WORK TO COMPLETE. Everything in the entries below should be restated exactly, except for the pictures.

SUPPLIED MATERIAL Block Start

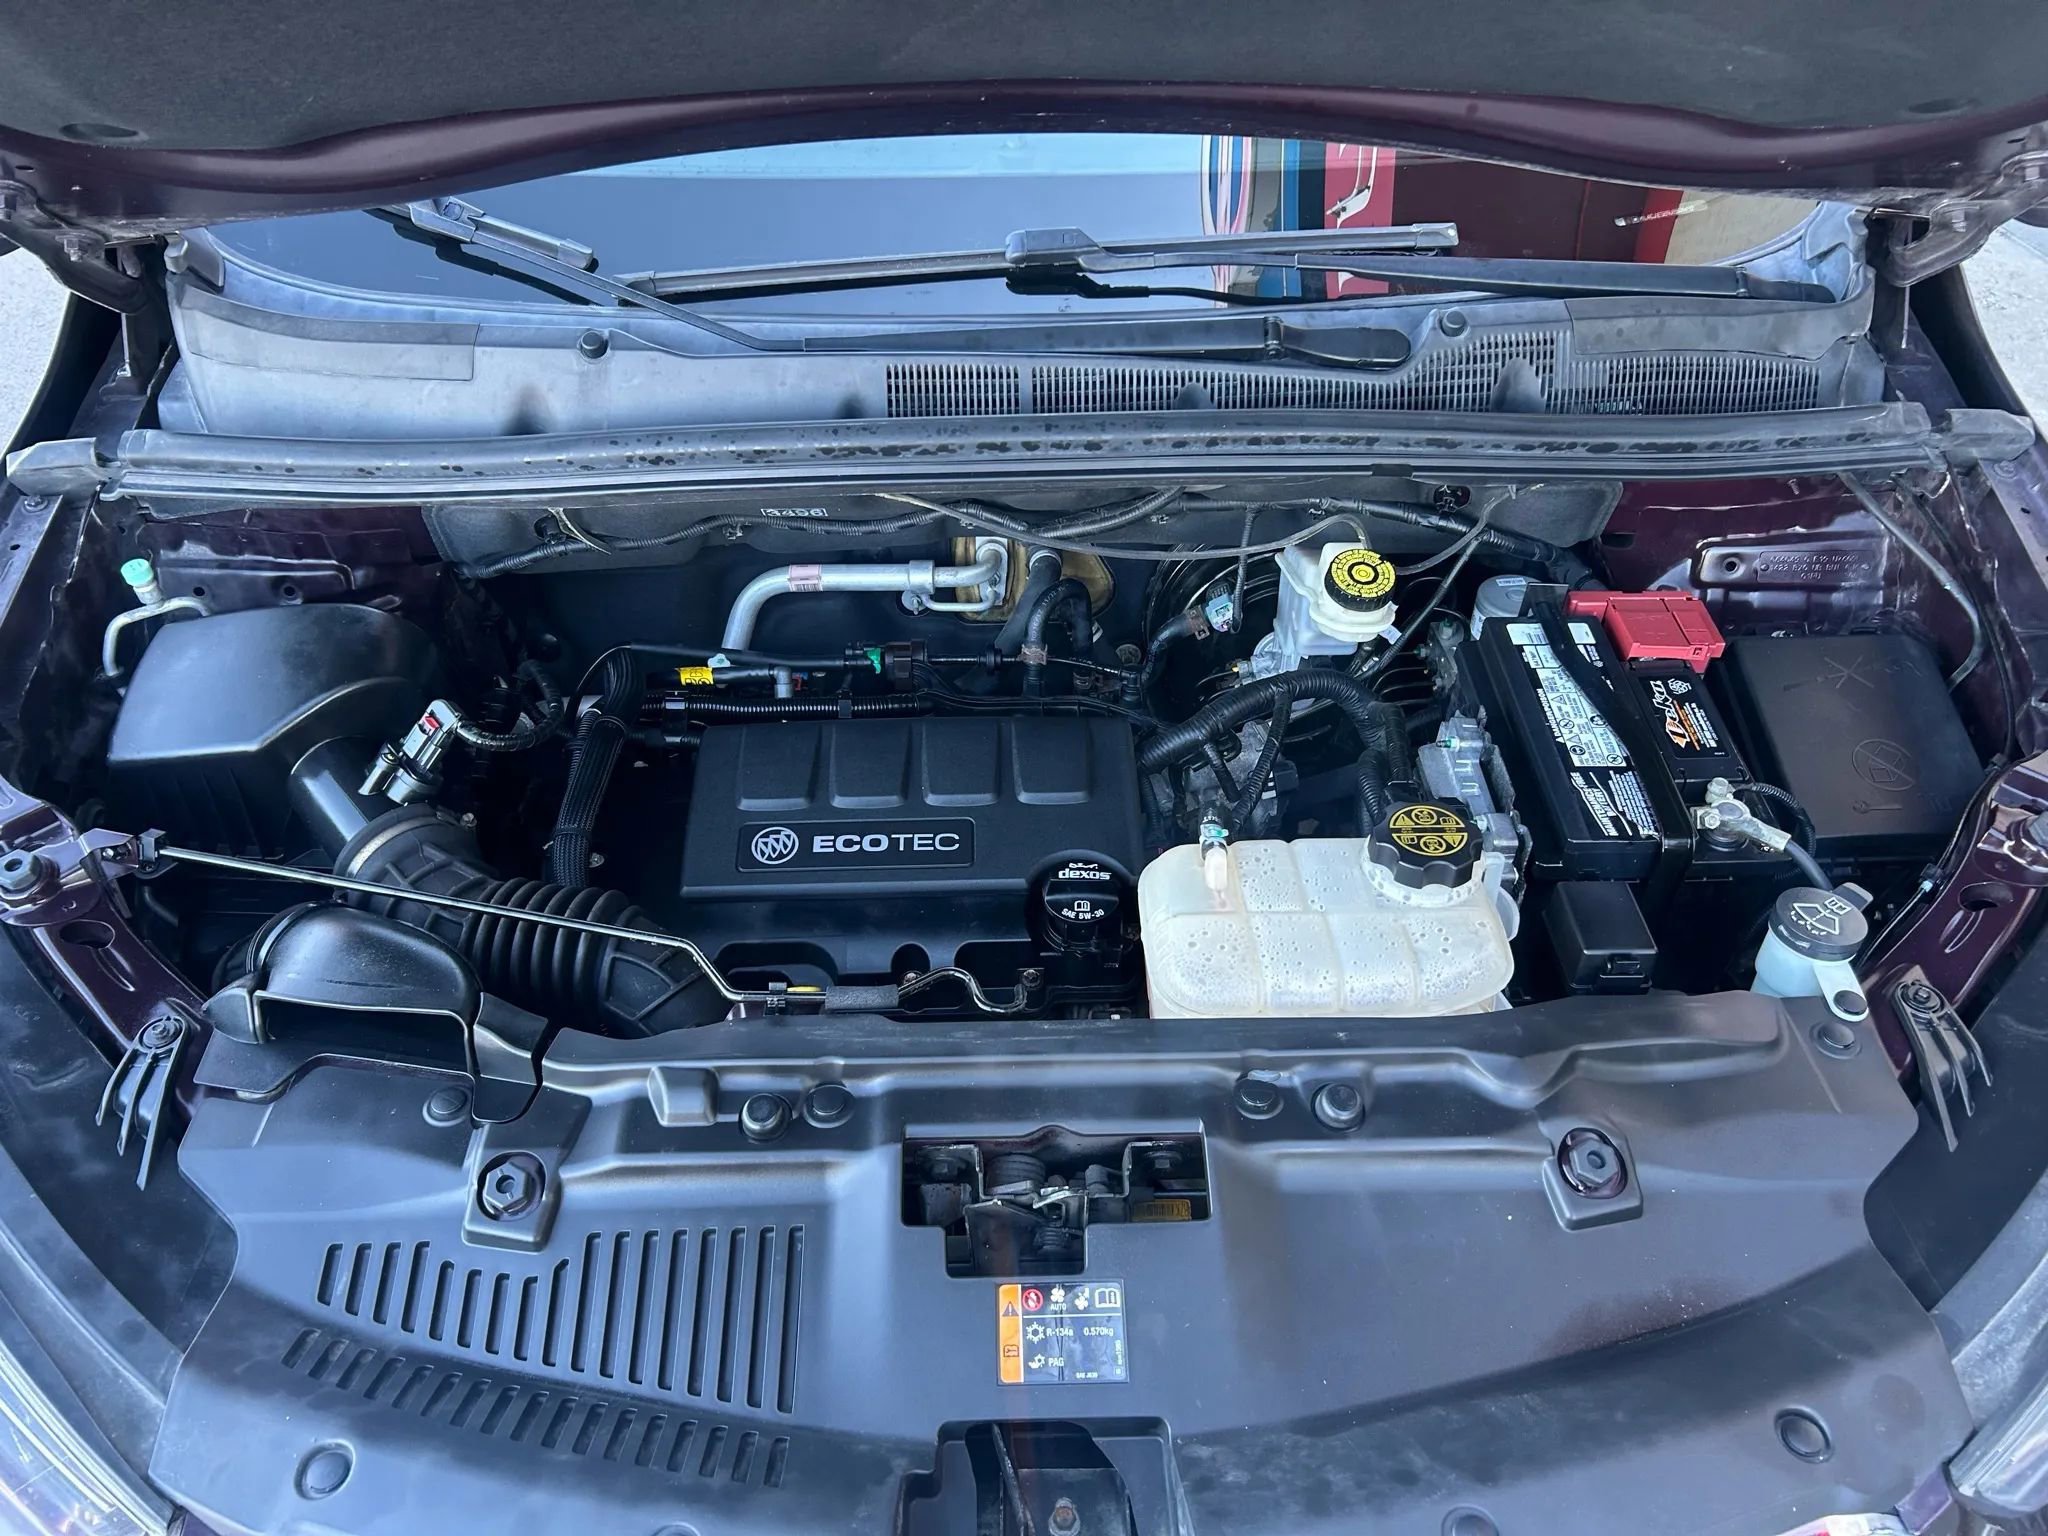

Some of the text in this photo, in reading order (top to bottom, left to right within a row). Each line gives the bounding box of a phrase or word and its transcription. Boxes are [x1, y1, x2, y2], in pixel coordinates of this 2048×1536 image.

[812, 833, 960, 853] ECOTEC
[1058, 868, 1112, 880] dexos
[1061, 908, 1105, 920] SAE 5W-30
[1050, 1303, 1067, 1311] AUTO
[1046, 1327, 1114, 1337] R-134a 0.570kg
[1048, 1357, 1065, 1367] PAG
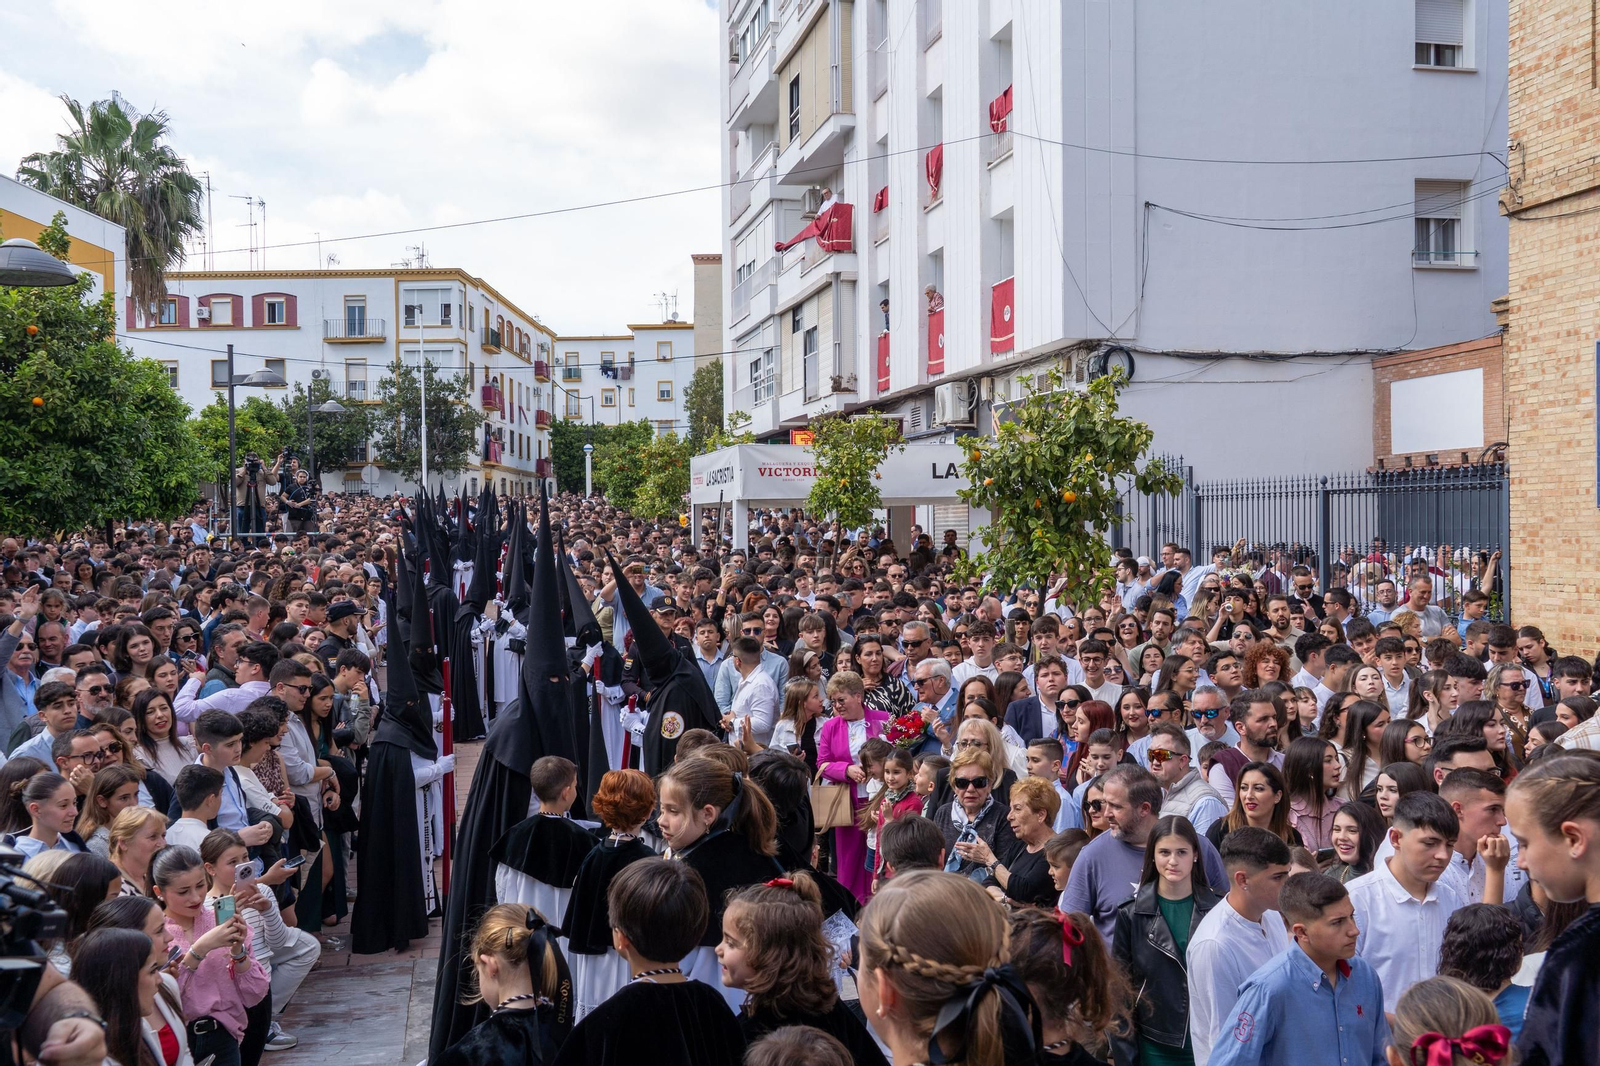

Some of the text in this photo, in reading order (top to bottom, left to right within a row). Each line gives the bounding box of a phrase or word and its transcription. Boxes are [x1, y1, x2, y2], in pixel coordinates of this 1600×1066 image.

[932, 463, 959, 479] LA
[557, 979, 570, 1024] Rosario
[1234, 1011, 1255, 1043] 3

SUPPLIED MATERIAL Block End

SOLUTION.
Some of the text in this photo, in reading order (top to bottom, left to right within a row). Each line gives the bounding box of a phrase or word and its transcription. Boxes are [x1, y1, x2, y2], in pixel coordinates of this 2048×1536 image.

[812, 833, 960, 853] ECOTEC
[1058, 868, 1112, 880] dexos
[1061, 908, 1105, 920] SAE 5W-30
[1050, 1303, 1067, 1311] AUTO
[1046, 1327, 1114, 1337] R-134a 0.570kg
[1048, 1357, 1065, 1367] PAG

Some of the text in this photo, in reading order (top to bottom, left to right within a row). Each line gives the bounding box of a phrase or word and its transcription. Boxes are [x1, y1, x2, y2], in pixel coordinates of this 1600×1066 image.

[932, 463, 959, 479] LA
[557, 979, 570, 1024] Rosario
[1234, 1011, 1255, 1043] 3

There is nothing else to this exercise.